Could you copy the records below exactly, keeping none of the images?

[[ Data for processing open ]]

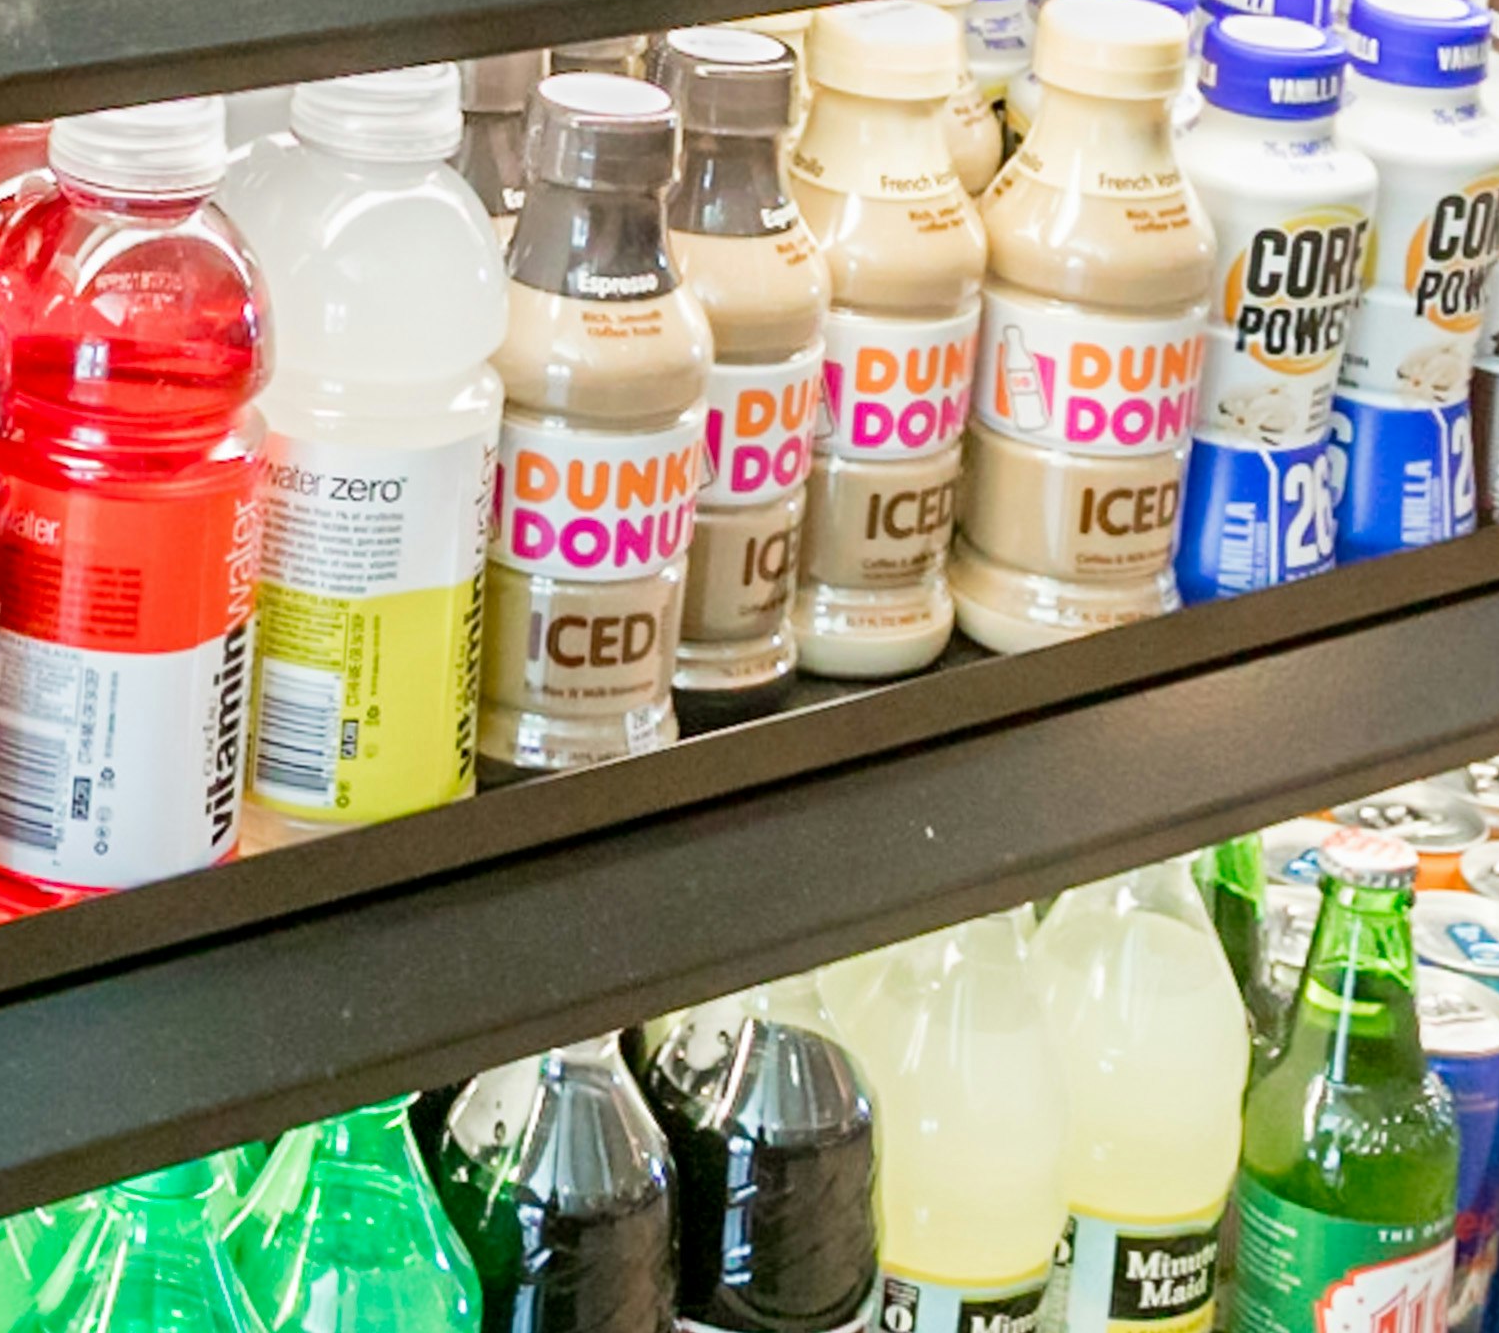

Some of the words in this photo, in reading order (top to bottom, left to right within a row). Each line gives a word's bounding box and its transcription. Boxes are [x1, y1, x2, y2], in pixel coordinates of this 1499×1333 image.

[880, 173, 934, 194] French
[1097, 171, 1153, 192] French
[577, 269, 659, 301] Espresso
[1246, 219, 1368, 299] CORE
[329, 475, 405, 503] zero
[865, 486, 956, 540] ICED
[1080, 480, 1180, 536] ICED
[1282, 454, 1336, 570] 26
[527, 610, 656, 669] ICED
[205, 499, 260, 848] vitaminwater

[[ Data for processing closed ]]

Written answer:
Some of the words in this photo, in reading order (top to bottom, left to right within a row). Each line gives a word's bounding box and its transcription. Boxes are [x1, y1, x2, y2], in pixel coordinates of this 1499×1333 image.

[880, 173, 934, 194] French
[1097, 171, 1153, 192] French
[577, 269, 659, 301] Espresso
[1246, 219, 1368, 299] CORE
[329, 475, 405, 503] zero
[865, 486, 956, 540] ICED
[1080, 480, 1180, 536] ICED
[1282, 454, 1336, 570] 26
[527, 610, 656, 669] ICED
[205, 499, 260, 848] vitaminwater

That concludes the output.